• [Provided information]
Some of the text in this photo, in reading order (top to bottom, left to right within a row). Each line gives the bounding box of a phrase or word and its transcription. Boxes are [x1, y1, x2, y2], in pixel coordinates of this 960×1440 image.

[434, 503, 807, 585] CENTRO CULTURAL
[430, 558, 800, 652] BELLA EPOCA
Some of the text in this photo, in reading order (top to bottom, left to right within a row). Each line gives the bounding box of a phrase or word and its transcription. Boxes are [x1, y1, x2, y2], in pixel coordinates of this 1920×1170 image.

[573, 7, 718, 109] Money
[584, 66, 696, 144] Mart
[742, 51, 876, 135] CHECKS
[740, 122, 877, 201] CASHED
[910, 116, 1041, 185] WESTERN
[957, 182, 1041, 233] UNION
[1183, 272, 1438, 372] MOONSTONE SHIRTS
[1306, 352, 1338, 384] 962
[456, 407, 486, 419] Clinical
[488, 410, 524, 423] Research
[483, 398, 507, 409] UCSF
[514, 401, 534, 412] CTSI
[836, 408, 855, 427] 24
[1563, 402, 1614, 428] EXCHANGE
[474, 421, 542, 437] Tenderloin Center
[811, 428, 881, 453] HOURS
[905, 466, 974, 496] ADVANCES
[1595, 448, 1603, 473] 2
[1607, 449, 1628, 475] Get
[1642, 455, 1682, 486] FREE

• [What needs to be done]
All of the entries above need to be printed again exactly.

• [Response to this task]
Some of the text in this photo, in reading order (top to bottom, left to right within a row). Each line gives the bounding box of a phrase or word and its transcription. Boxes are [x1, y1, x2, y2], in pixel coordinates of this 960×1440 image.

[434, 503, 807, 585] CENTRO CULTURAL
[430, 558, 800, 652] BELLA EPOCA
Some of the text in this photo, in reading order (top to bottom, left to right within a row). Each line gives the bounding box of a phrase or word and its transcription. Boxes are [x1, y1, x2, y2], in pixel coordinates of this 1920×1170 image.

[573, 7, 718, 109] Money
[584, 66, 696, 144] Mart
[742, 51, 876, 135] CHECKS
[740, 122, 877, 201] CASHED
[910, 116, 1041, 185] WESTERN
[957, 182, 1041, 233] UNION
[1183, 272, 1438, 372] MOONSTONE SHIRTS
[1306, 352, 1338, 384] 962
[456, 407, 486, 419] Clinical
[488, 410, 524, 423] Research
[483, 398, 507, 409] UCSF
[514, 401, 534, 412] CTSI
[836, 408, 855, 427] 24
[1563, 402, 1614, 428] EXCHANGE
[474, 421, 542, 437] Tenderloin Center
[811, 428, 881, 453] HOURS
[905, 466, 974, 496] ADVANCES
[1595, 448, 1603, 473] 2
[1607, 449, 1628, 475] Get
[1642, 455, 1682, 486] FREE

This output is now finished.